Os que dizem possuir a Glória são como cães que ladram quando
vêem um estranho. No ladrar não há eternidade. Os estranhos
afastam-se.

O verdadeiro poder parece e é Inútil. Por isso ele é poderoso.

O falso poder fala do útil. Por isso ele é venenoso. Isto cheira a
chinesice, mas é seco.

O que tem o poder cria os modelos. Os que são efeitos do poder


executam os simulacros. Os que são livres livram-se quer dos
modelos quer dos simulacros.

O Inutil trai-se constantemente a si mesmo e não necessita sequer de


se afirmar através da fidelidade à verdade. A verdade é esse trair-se.
MANUAL DE TRAIÇÕES

traição primeira

Só na apresentação a verdade tem lugar.


Só no ocultamento da apresentação a verdade tem lugar.

traição segunda

Um edificio tem um interior e um exterior.
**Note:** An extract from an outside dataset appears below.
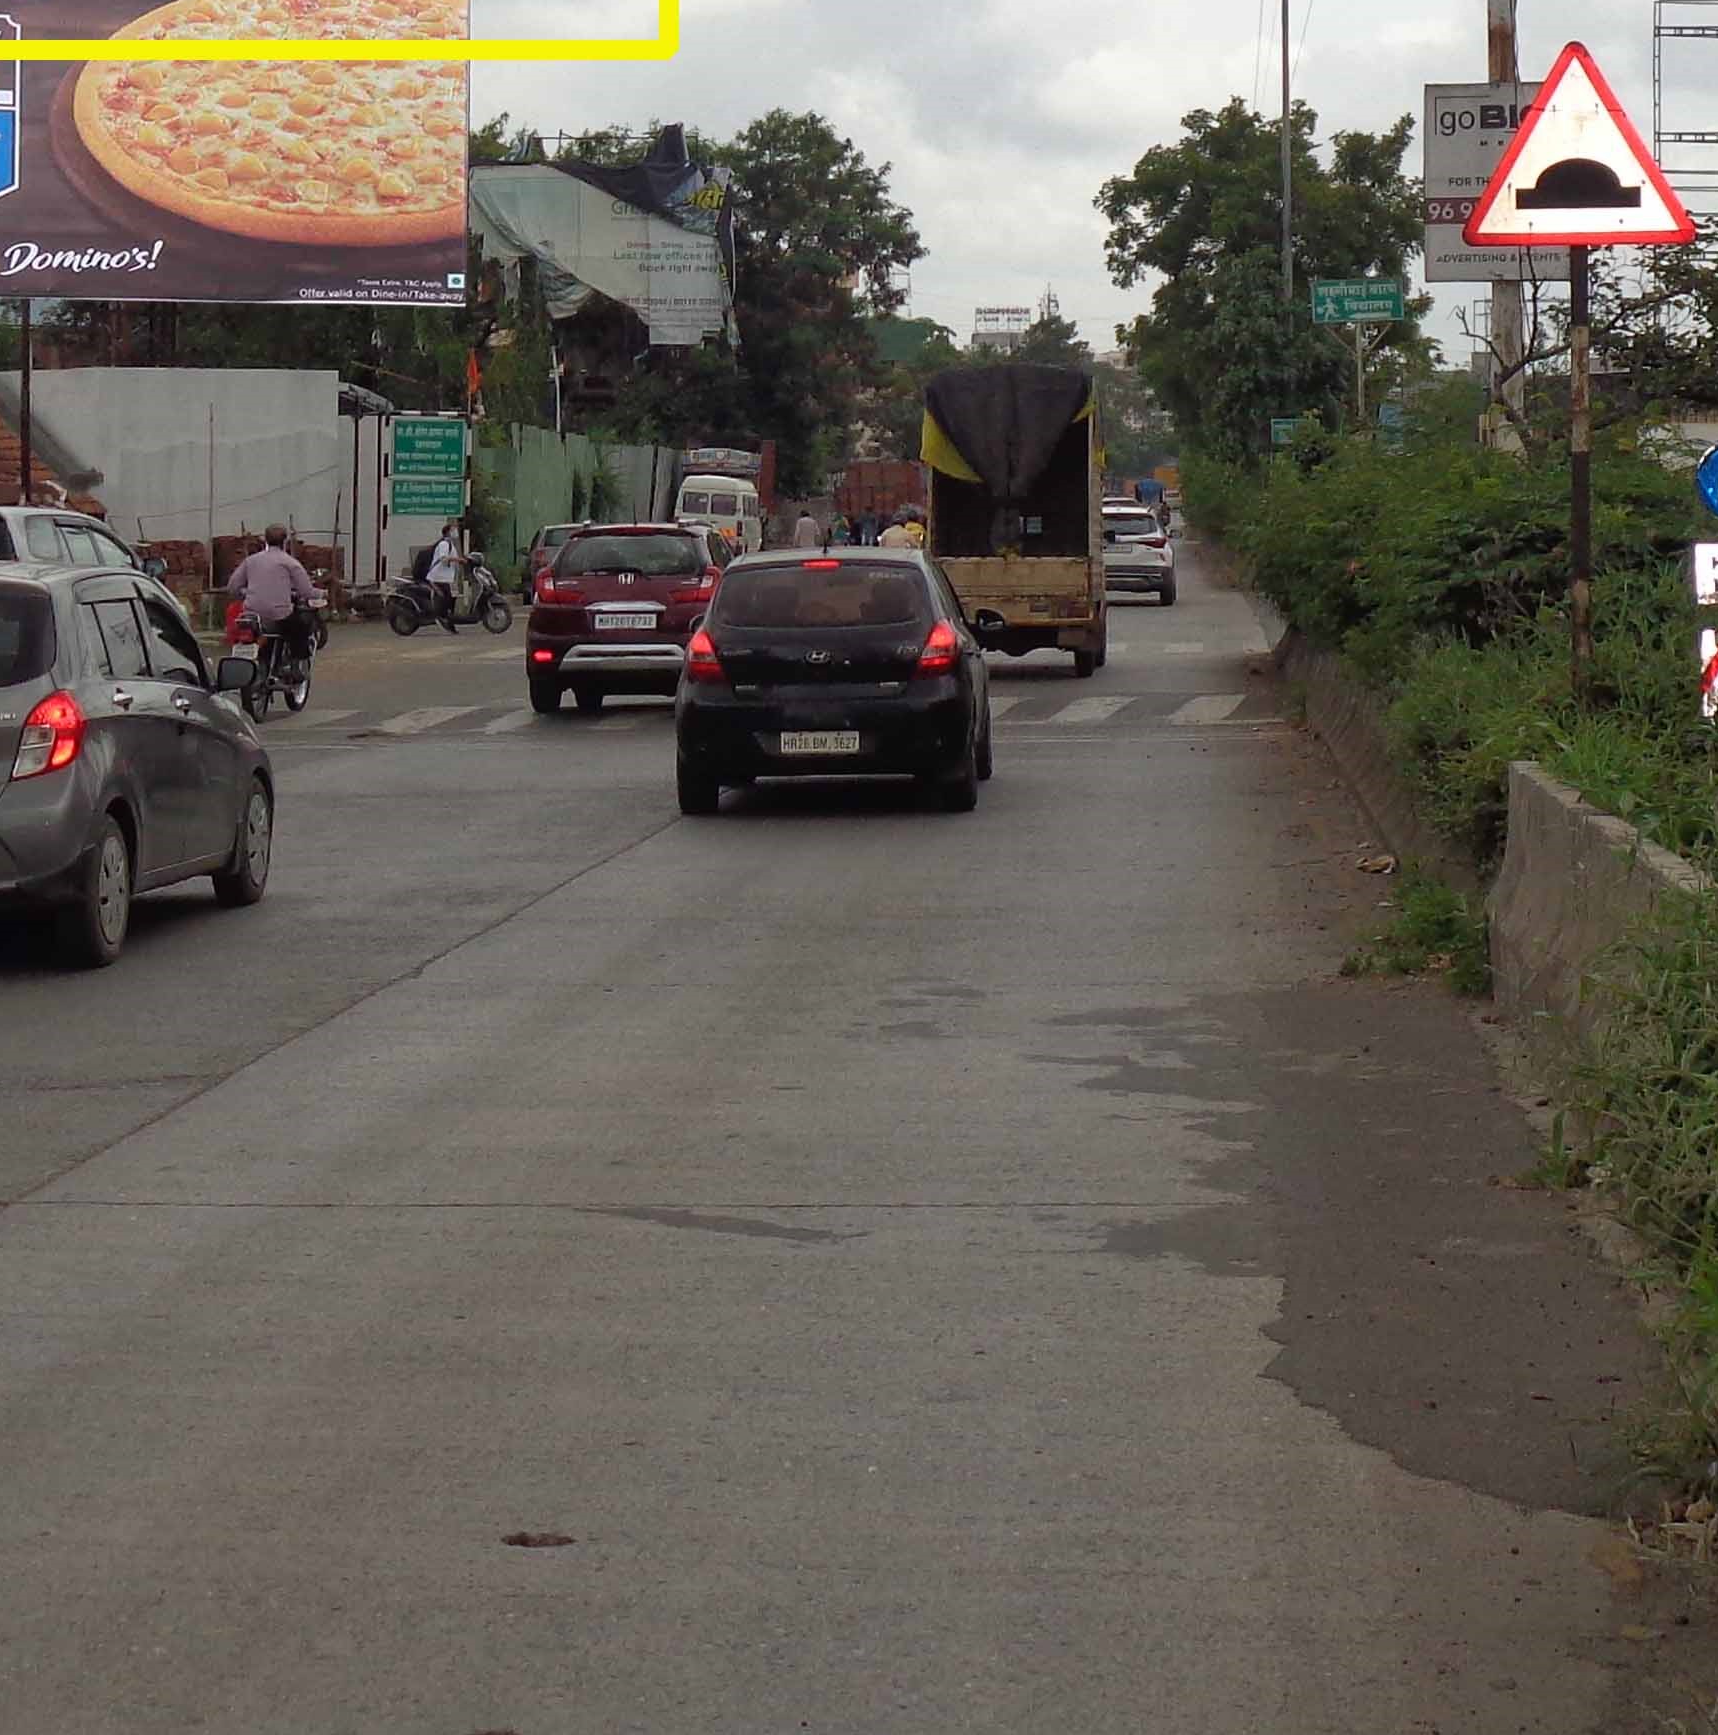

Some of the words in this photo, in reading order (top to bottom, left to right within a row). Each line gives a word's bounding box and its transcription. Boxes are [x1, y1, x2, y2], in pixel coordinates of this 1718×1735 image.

Uma pintura é uma falsificação e um segredo.

traição terceira

Uma obra de arte é que nela vai dito.

UMA BOA OBRA DE ARTE É A QUE TRAI


CONSTANTEMENTE O QUE NELA VAI DITO.

O que o artista sabe é muito mais não só do que diz, mas de tudo o
que pode dar a entender. Ser espectador é saber deixar-se ser traído.